The clinics — set to open in Calgary and Edmonton — are meant to ease congestion in emergency rooms, Stephen Duckett, head of the Alberta Health Services, said Thursday.
Calgary's clinic will be held at the Richmond Road Diagnostic and Treatment Centre, the same building where people are getting the swine flu shot. It will be open from 8 a.m. to 8 p.m. Edmonton's clinic will be in the Duggan Health Centre and will be open from 8 a.m. to midnight. Both will be open seven days a week, starting Friday.
Earlier on Thursday, Duckett said there would be a clinic in Wetaskiwin, but a spokesperson for Alberta Health Services later said it wasn't clear when or whether a clinic would be set up there.
People need to know that they can't get vaccinations at these new assessment centres, Health Minister Ron Liepert said.
"I think the wording is actually very important .… We want to ensure that we don't confuse them with clinics, because people have a certain expectation when they go to the clinic and that is that they're going to get a vaccine shot — and this is not for actual vaccine shots," he said.
Vaccination clinics will also be set up next week on university and college campuses, Duckett said, providing no other details.
Duckett apologized for the long lines at the province's mass swine flu vaccination clinics, but also praised Alberta's quick response to news last week that the vaccine had been approved.
Supplies of vaccine to slow
One more person has died of H1N1, bringing the toll in the province since April to 13. Provincial health officials don't release information about the age, hometowns or gender of people who become seriously ill from the virus, but they said 85 per cent of the people who have died had underlying medical conditions.
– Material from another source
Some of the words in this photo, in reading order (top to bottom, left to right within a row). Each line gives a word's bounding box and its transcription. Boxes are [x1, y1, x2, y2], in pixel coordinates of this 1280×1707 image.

So far, 233 people have been hospitalized because of H1N1.
Alberta should have 600,000 doses of the vaccine by Friday, the release said. Starting Monday, supplies to the provinces will slow down while manufacturers focus on a non-adjuvanted vaccine, meant as an option for pregnant women.
Provincial health officials have said there will be enough vaccine for everyone who wants the shot to get it eventually.
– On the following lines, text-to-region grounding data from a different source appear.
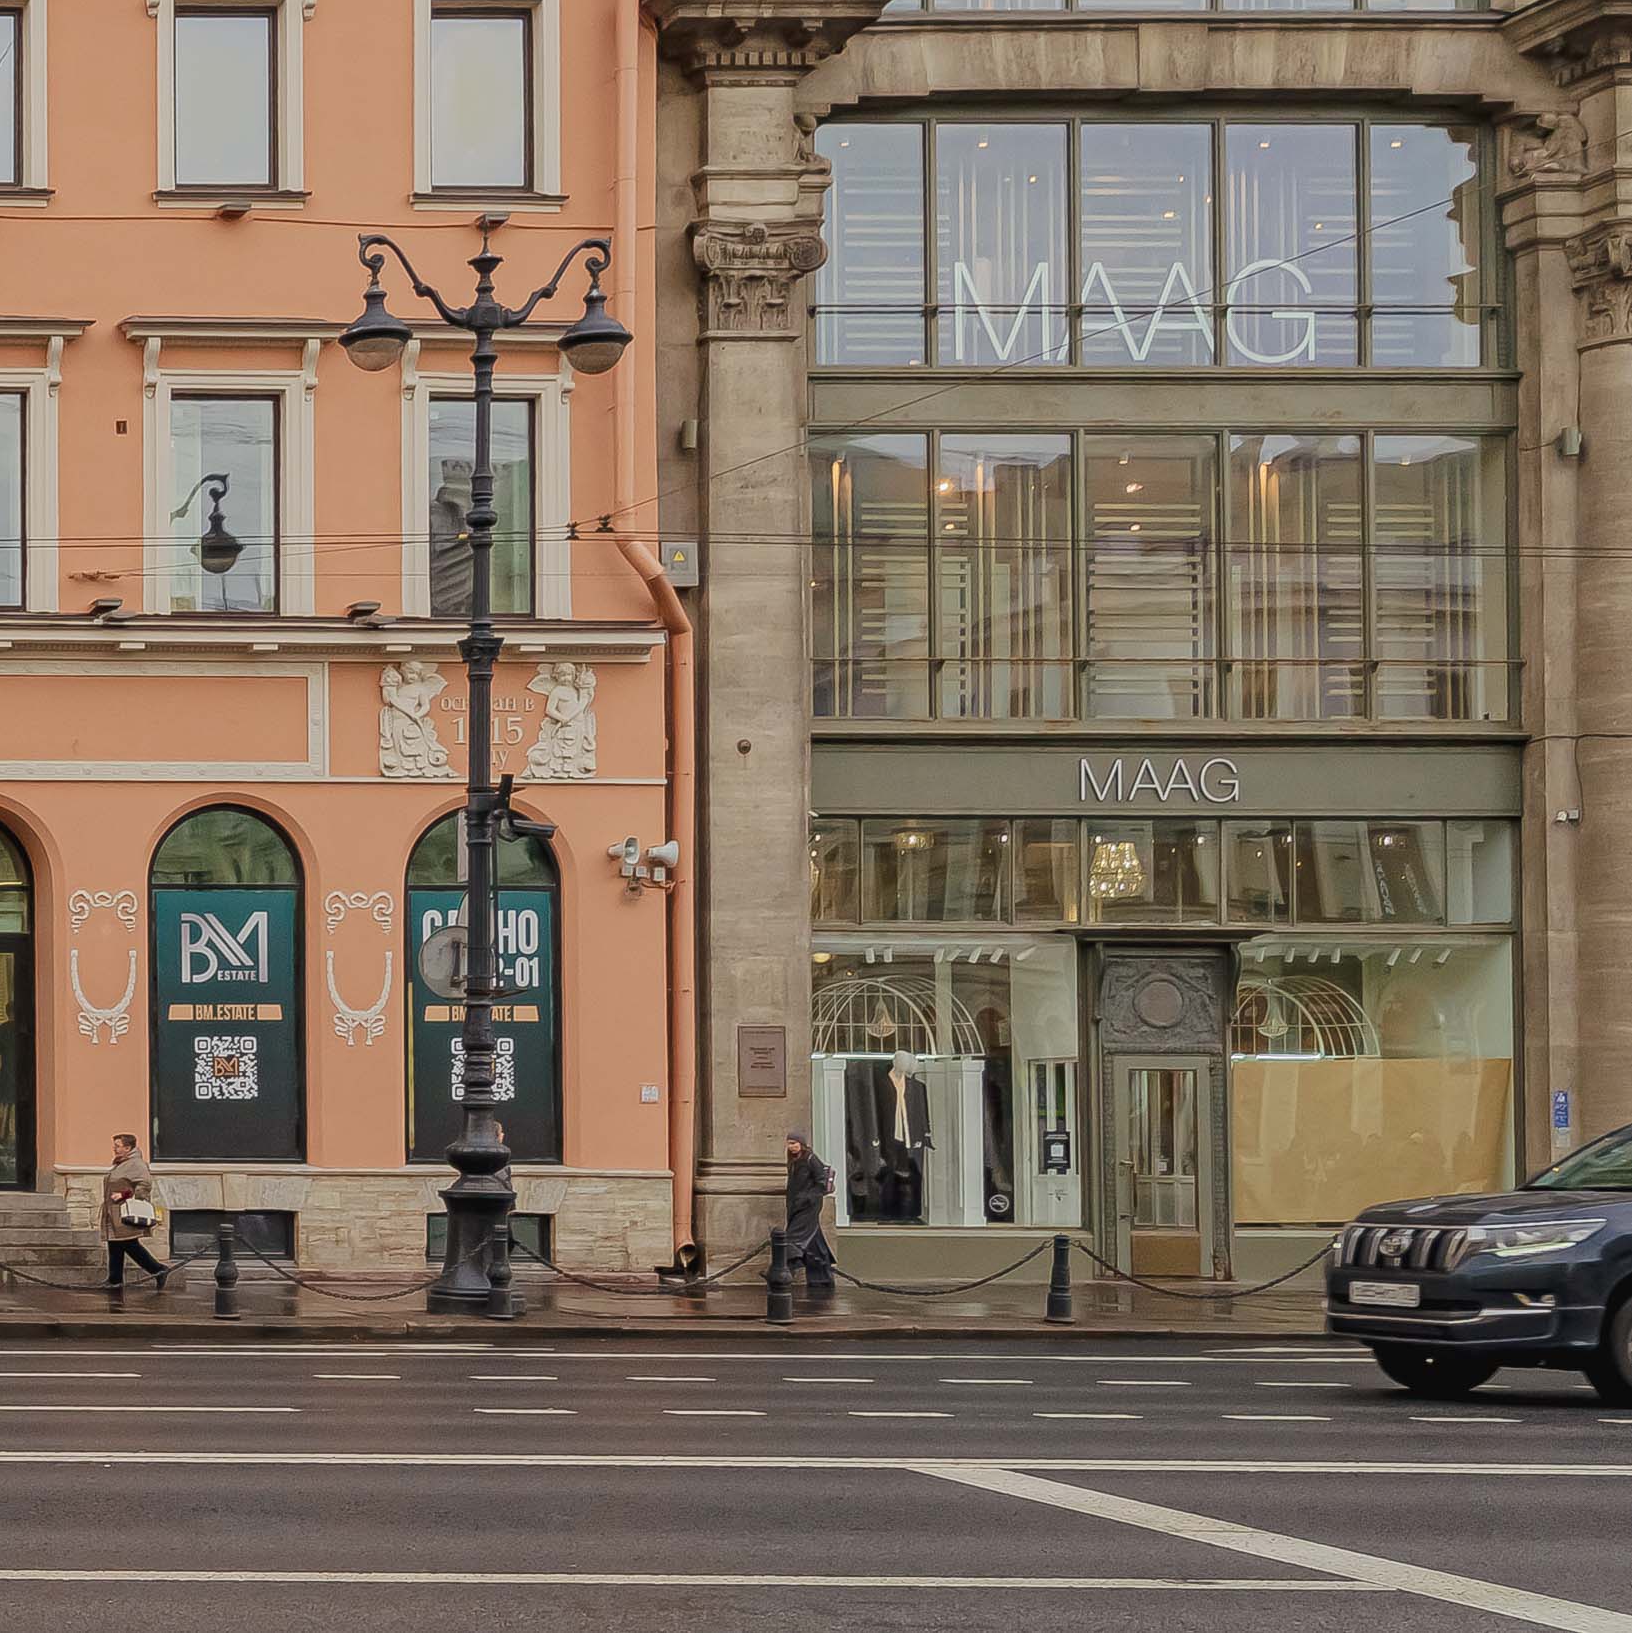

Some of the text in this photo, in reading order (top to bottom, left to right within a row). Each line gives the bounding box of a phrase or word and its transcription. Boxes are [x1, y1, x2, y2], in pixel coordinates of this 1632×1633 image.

[954, 260, 1317, 363] MAAG
[441, 696, 516, 712] осан
[452, 717, 524, 745] 115
[1079, 758, 1240, 803] MAAG
[181, 911, 268, 983] BM
[422, 909, 539, 955] СНО
[217, 970, 257, 981] ESTATE
[195, 1005, 256, 1020] BM.ESTATE
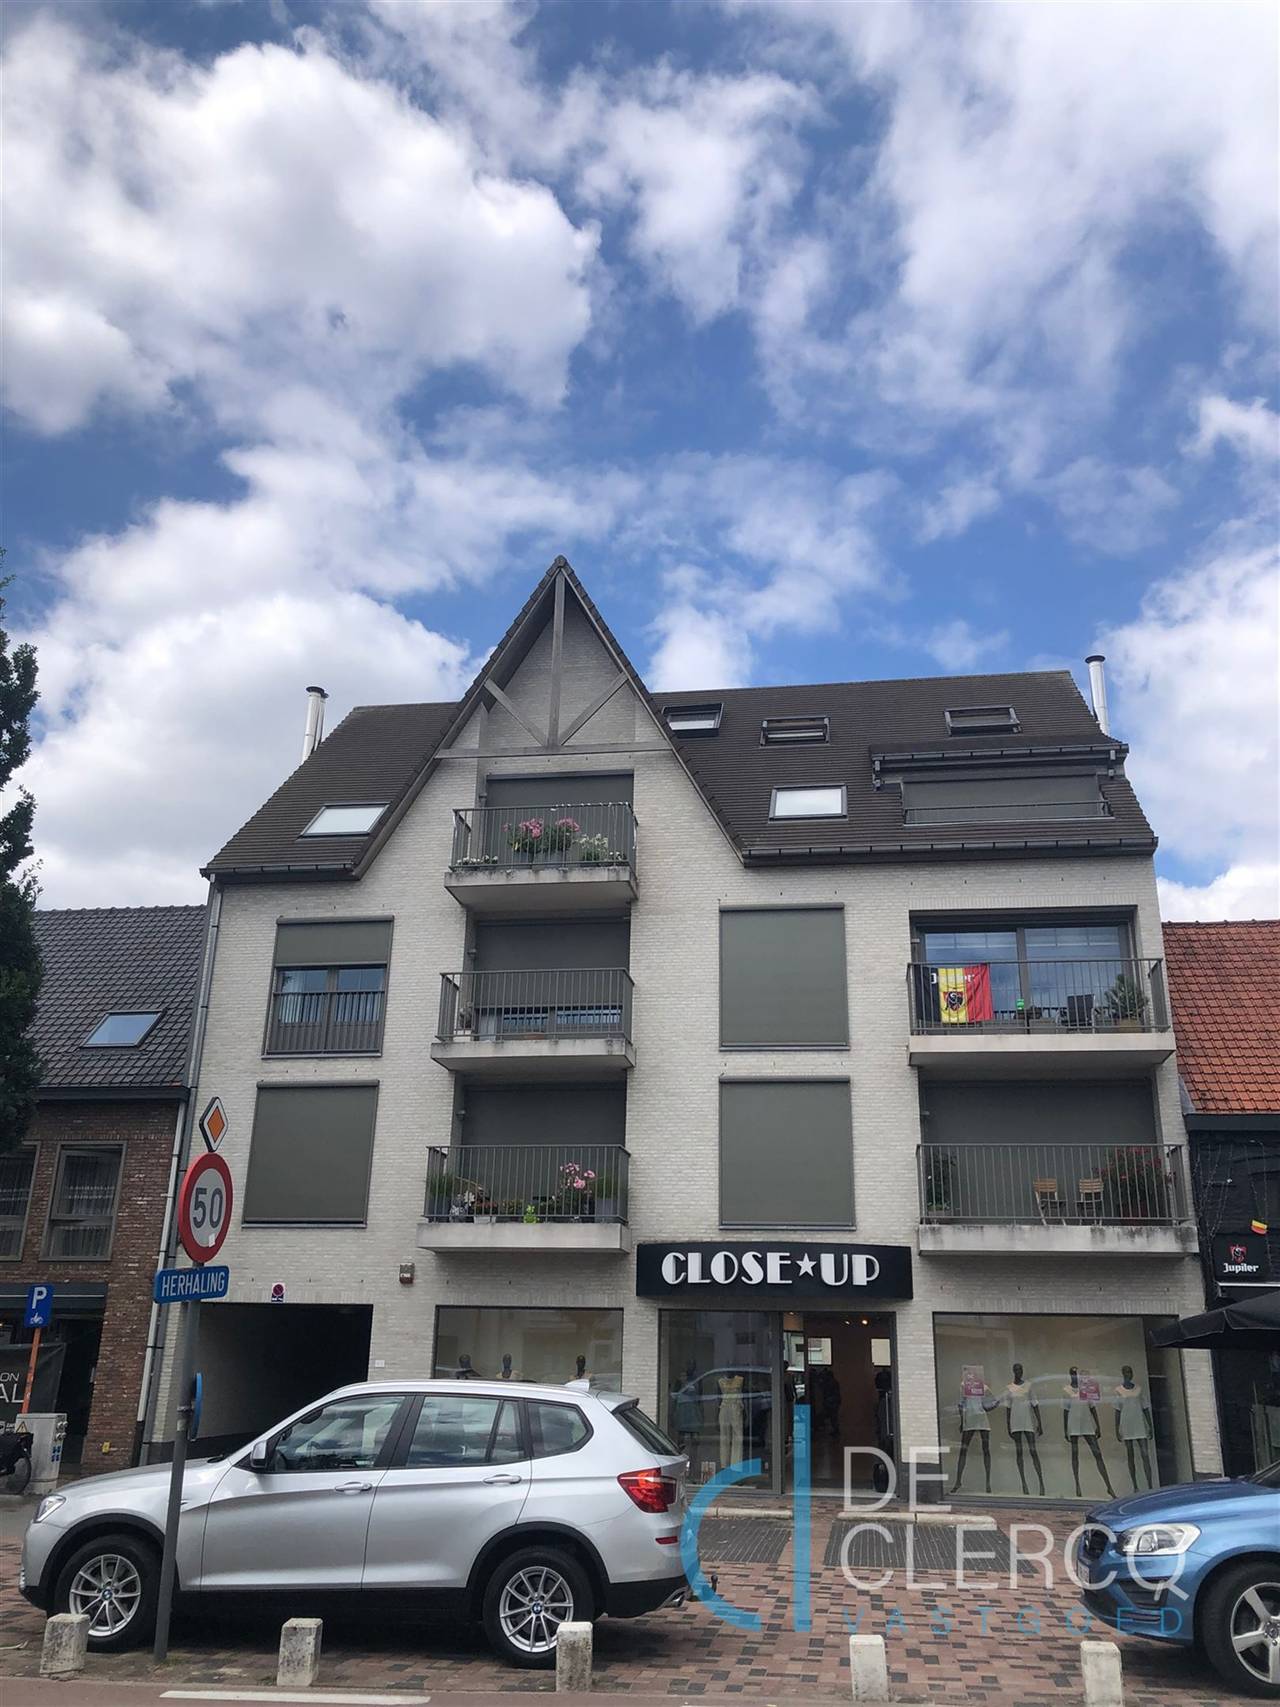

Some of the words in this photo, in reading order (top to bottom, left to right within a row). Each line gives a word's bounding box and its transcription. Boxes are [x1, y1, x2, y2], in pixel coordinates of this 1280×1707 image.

Wait times at mass vaccination clinics "continue to be a concern" and people who aren't at risk for developing severe complications from H1N1 should delay getting the shot, Alberta Health said in a news release.
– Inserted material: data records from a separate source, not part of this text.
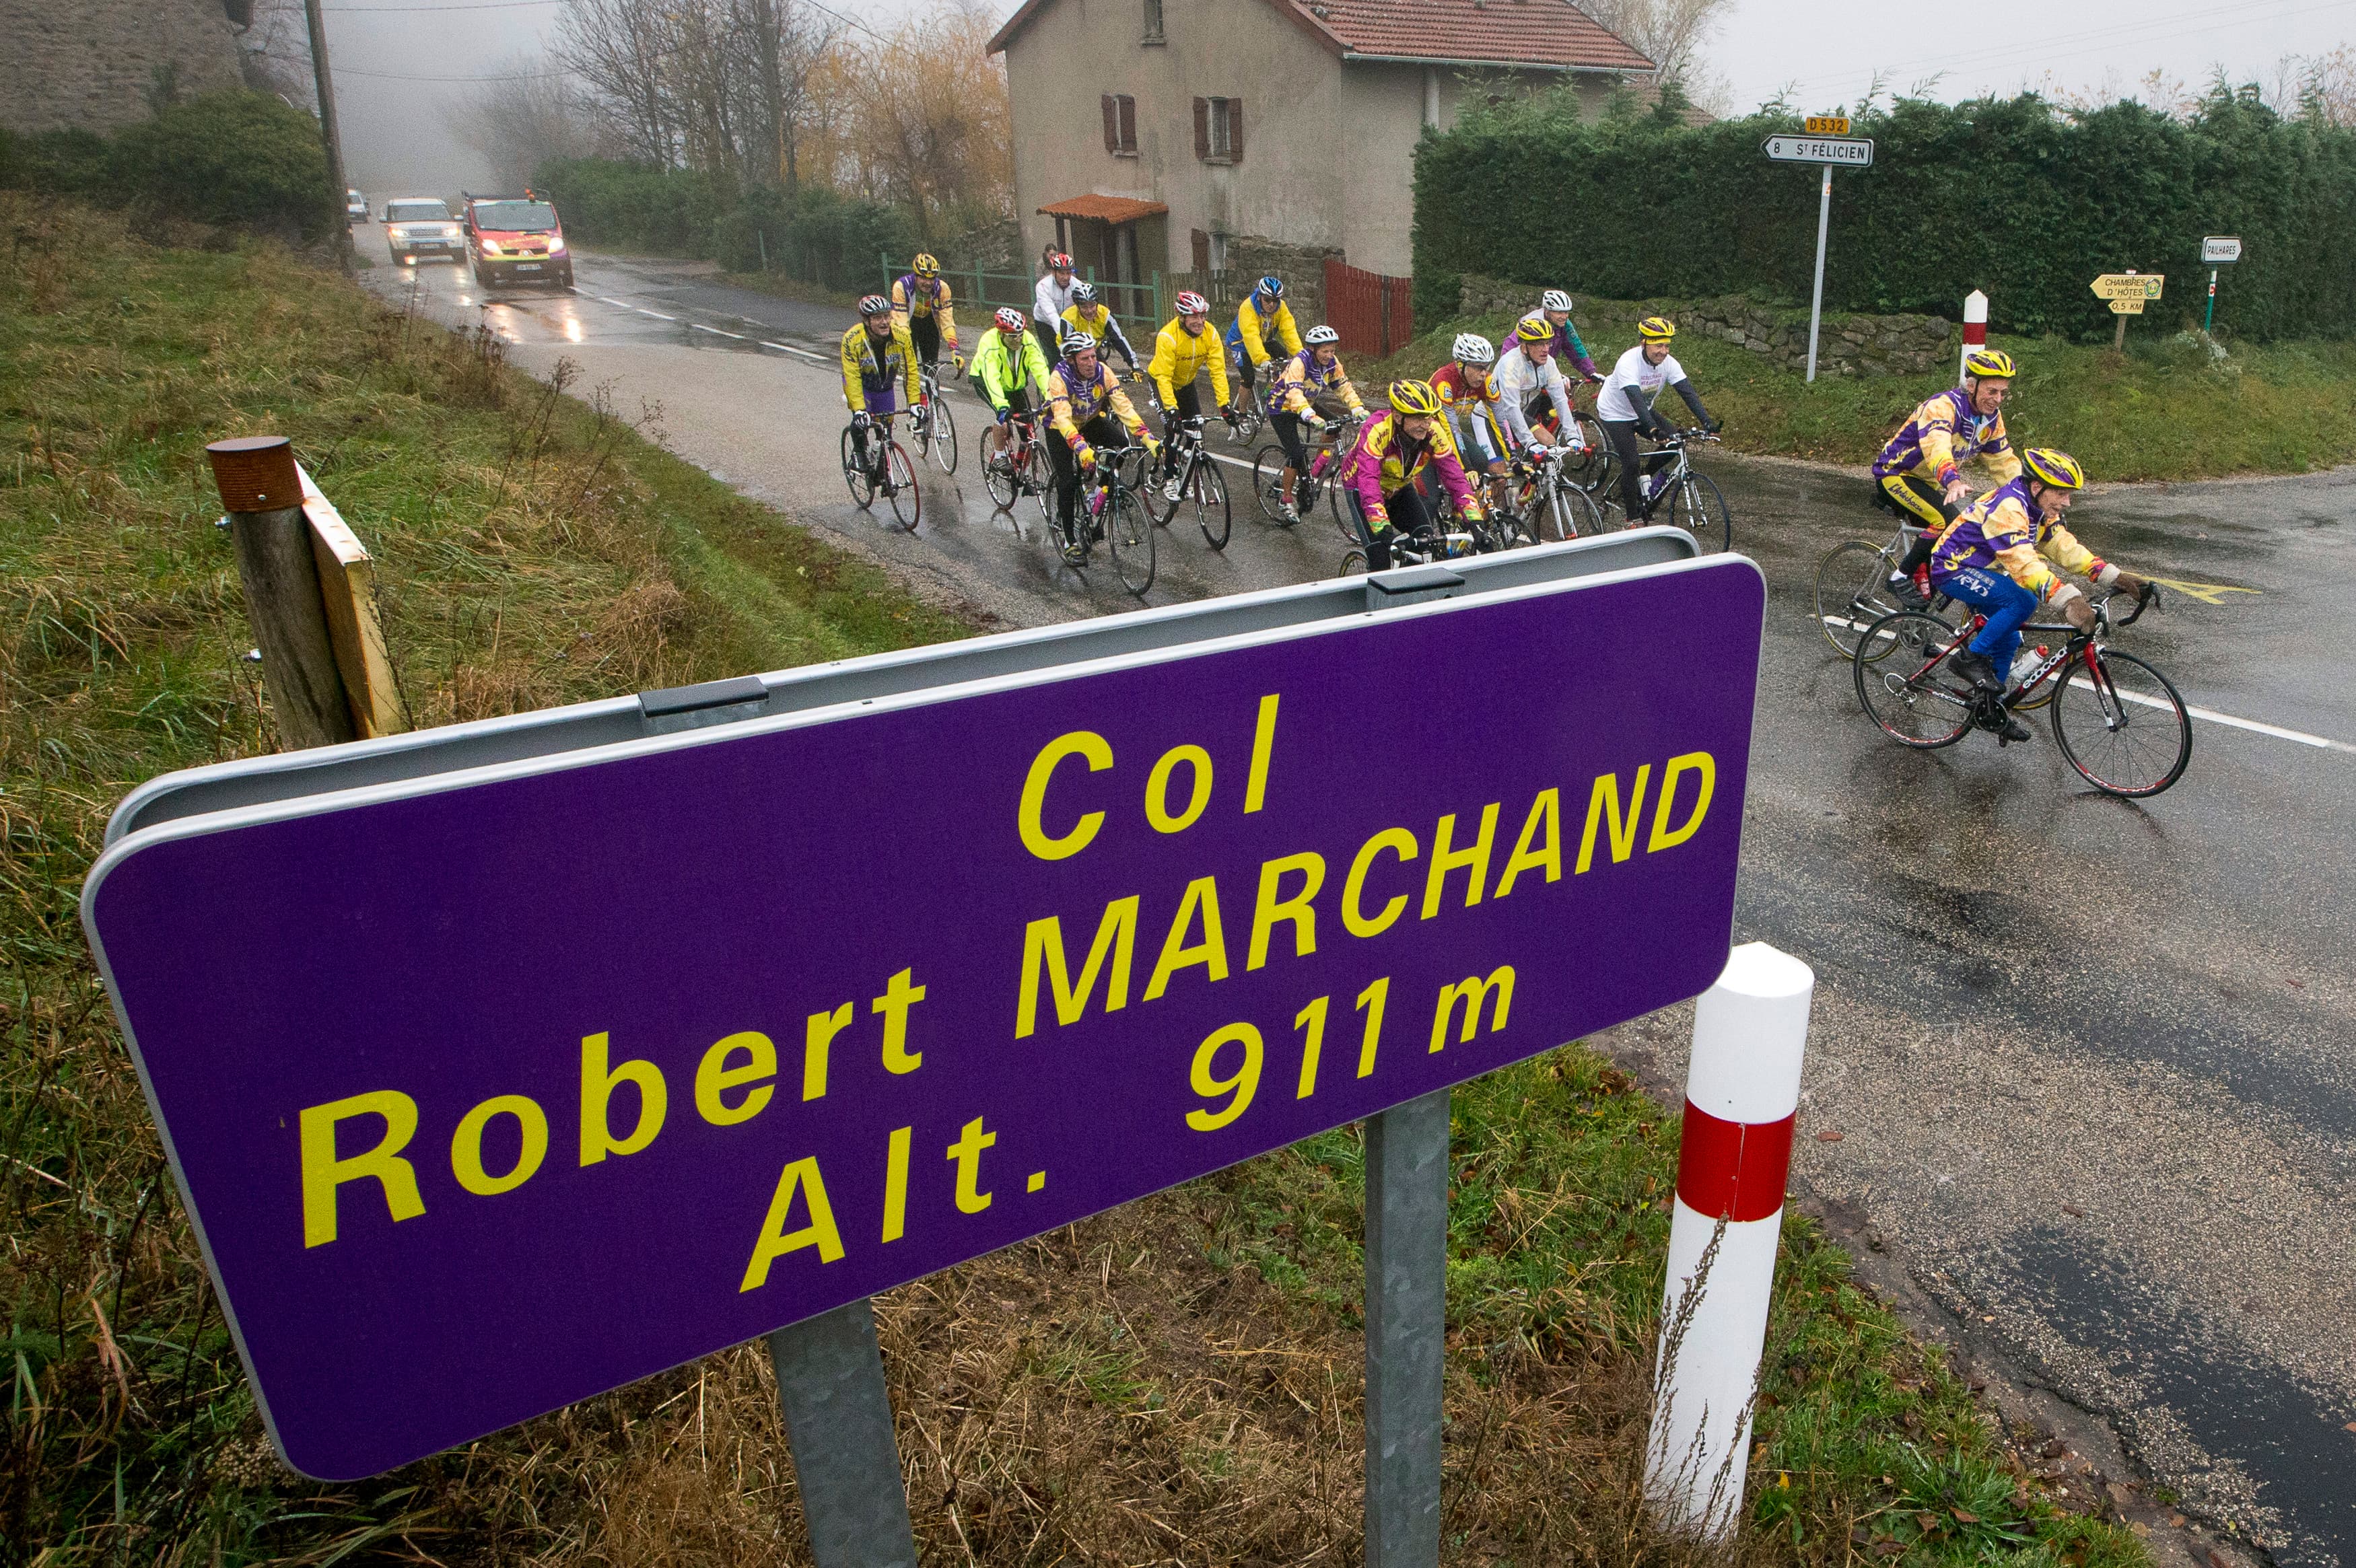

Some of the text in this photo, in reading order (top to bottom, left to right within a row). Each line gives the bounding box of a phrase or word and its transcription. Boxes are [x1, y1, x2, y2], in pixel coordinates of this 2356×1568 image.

[1809, 118, 1844, 131] D 532
[1774, 143, 1780, 153] 8
[1811, 143, 1865, 159] FÉLICIEN
[2207, 245, 2236, 255] PAILHARES
[2105, 279, 2145, 287] CHAMBRES
[2112, 302, 2126, 310] 0,5
[1018, 694, 1279, 860] Col
[300, 752, 1715, 1248] Robert MARCHAND
[740, 966, 1515, 1292] Alt. 911 m
Also on Thursday, the president of the Canadian College of Family Physicians said the 20,000 members in the organization should have been part of the vaccination campaign.
"When you want to vaccinate a large number of people quickly, then I think as many options as you can muster are what you should be striving for," said Dr. Sarah Kredentser, who was in Calgary for a college meeting.
Alberta health officials have said they hope to get the vaccine to family doctors next week.
Complaints from those with disabilities
Since the province began its H1N1 campaign on Monday, more than 150,000 Albertans have received the vaccine, which targets the strain of H1N1 influenza A virus causing the current swine flu pandemic.
Across the province, Albertans are lining up for the shot at mass vaccination clinics. But one mother says people with disabilities have been ignored in the province's rollout.
Enduring a long lineup, likely outdoors, just isn't an option for Mezaun Evin's daughter Shari, 20, who has cerebral palsy.
"It's very scary," said Evin, a working mother who lives in Calgary. "There is a certain sense of urgency. They are once again feeling left behind. The logistical planning obviously didn't include persons with disabilities."
Calgarian Tina Bartole, 31, who also has cerebral palsy, has an electric wheelchair she can steer with her arm. Bartole inched ahead for 3½ hours Tuesday to get her shot.
"A lot of people who can't get out are risking death, pretty much. All because they couldn't get the shot, " she said.
Calgary has five mass vaccination clinics. People with disabilities are not on the list of people accepted at the high-risk, indoor clinic at the Olympic Oval. It caters to pregnant women, children aged six months to less than 10 years, seniors and family members accompanying those patients.
The Olympic Oval clinic, which opened on Wednesday to long lineups, was busy again on Thursday, with security guards telling those in line the wait will be three or four hours.